The widespread use of short videos in the digital age highlights the important need for privacy protection in video content. In dynamic and real-time scenarios, such as video streaming or live image transmission, RDH technology needs to achieve efficient real-time data hiding as well as processing capabilities. Future research will aim to develop RDH algorithms that are suitable for real-time image data streams. These algorithms will support efficient real-time data embedding, data extraction, and data recovery. This will help meet the demands of real-time applications like video surveillance and live broadcasting. In addition, the introduction of Artificial Intelligence (AI) and machine learning technologies will create new opportunities for the development of RDH technology. At present, the accuracy of the DCT coefficient prediction strategy in JPEG-based reversible data hiding algorithms, which are based on prediction errors and location selection, still has a lot of room for improvement. By using deep learning algorithms, future research can explore more intelligent methods for data embedding and extraction. It can also automate the optimization of parameters and adjustments to the algorithms. This will help to improve the intelligence and adaptability of the technology. Furthermore, as cross-domain data exchange and sharing increase, future RDH technology will need to achieve effective cross-domain data hiding and protection. Research will focus on how to hide data seamlessly across different types of images and data formats. It will also aim to ensure that data remains secure and recoverable in various environments.

6. Conclusion

This paper has extensively explored the domain of reversible data hiding (RDH) techniques specifically designed for JPEG images, classifying the current methodologies into three distinct categories: modifications to the JPEG quantization table, alterations of the Huffman table, and adjustments to the Discrete Cosine Transform (DCT) coefficients. These methods primarily aim to enhance the data embedding capacity while minimizing the increase in file size, demonstrating their effectiveness in maintaining the integrity and quality of the original images. However, the application of these technologies often encounters challenges such as increased complexity, computational overhead, and compatibility issues, which are critical considerations for practical deployment.
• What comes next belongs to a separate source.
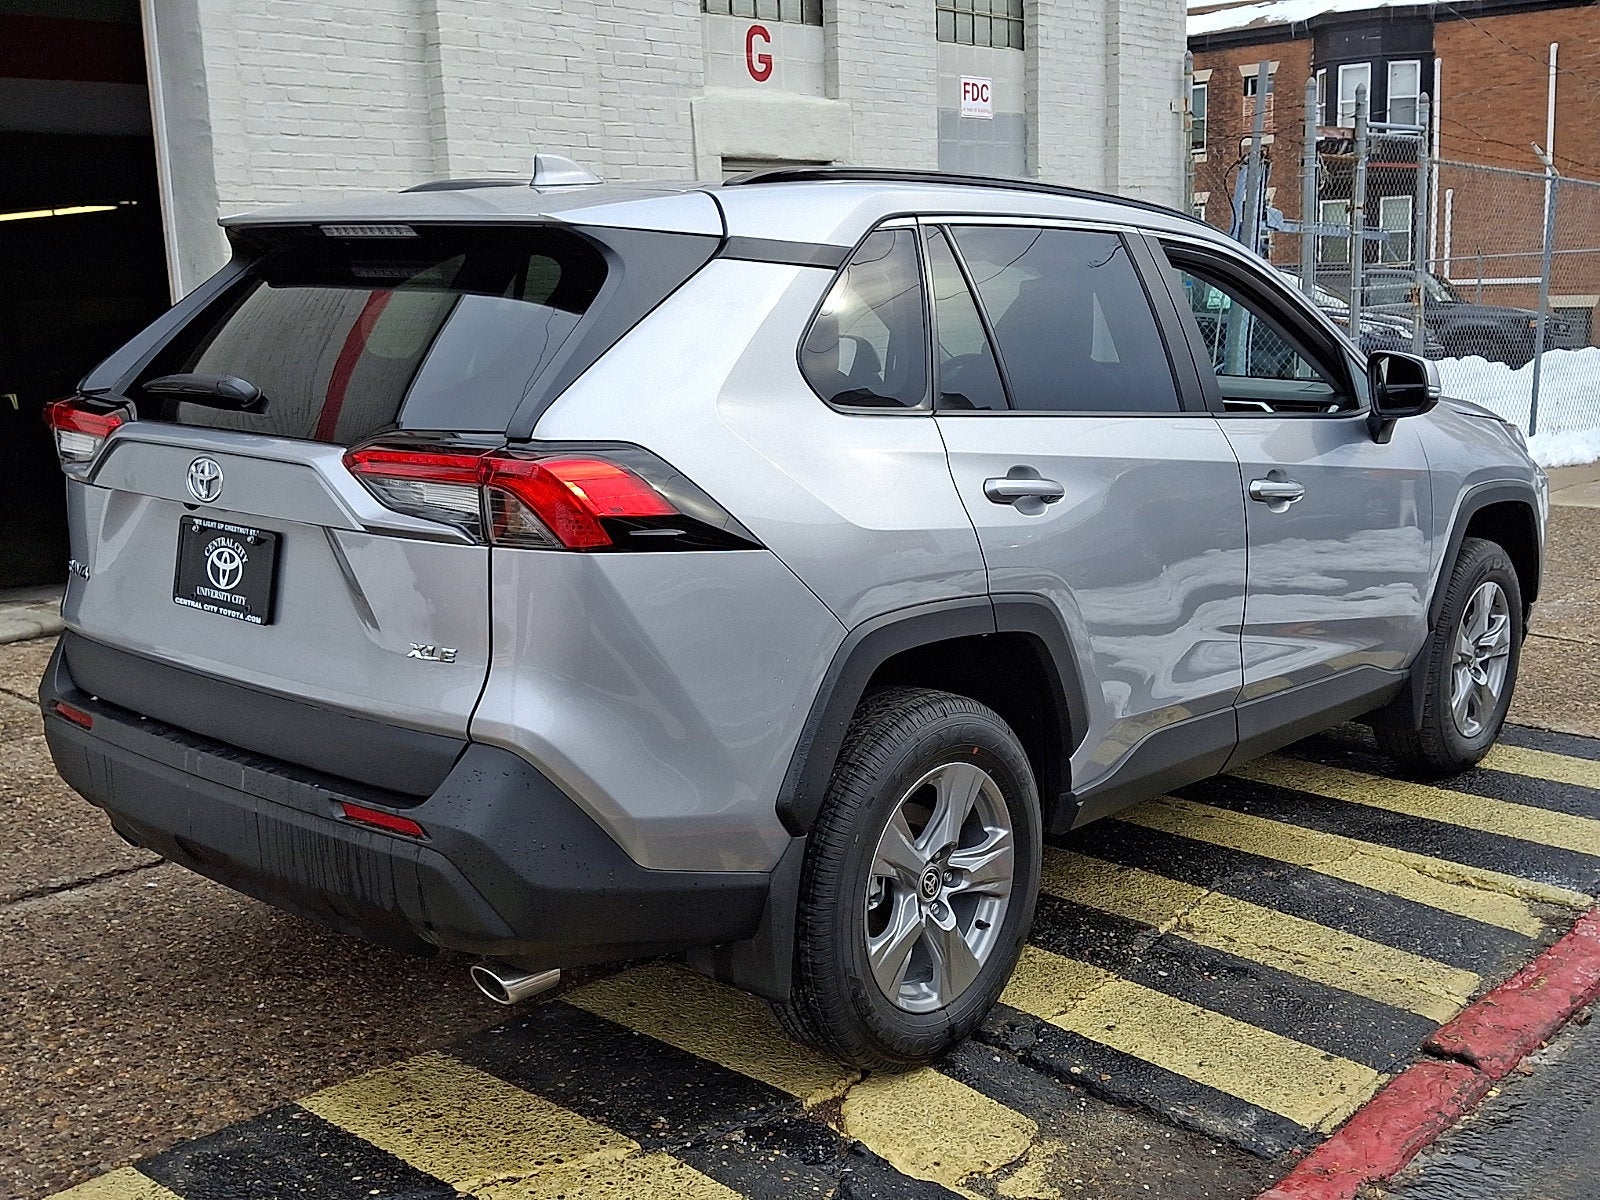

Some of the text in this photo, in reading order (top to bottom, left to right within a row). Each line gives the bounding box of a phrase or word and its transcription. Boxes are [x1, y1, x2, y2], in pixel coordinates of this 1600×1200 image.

Future Research Directions: Looking forward, the paper identifies several key areas for further research in RDH technology. With the rising prevalence of video content and the need for privacy protection in dynamic scenarios such as live broadcasting and video surveillance, there is a pressing need to develop RDH algorithms capable of efficient real-time data hiding and recovery. The integration of Artificial Intelligence (AI) and machine learning technologies presents a promising avenue to enhance the intelligence and adaptability of RDH methods. Future research will focus on leveraging deep learning algorithms to refine prediction error strategies and optimize algorithmic parameters for JPEG images. Additionally, as cross-domain data exchange becomes more commonplace, further studies will be essential to ensure seamless data hiding across different image and data formats, maintaining data security and recoverability in diverse environments. This will address the urgent need for RDH technologies that can operate effectively across various platforms and under different operational conditions.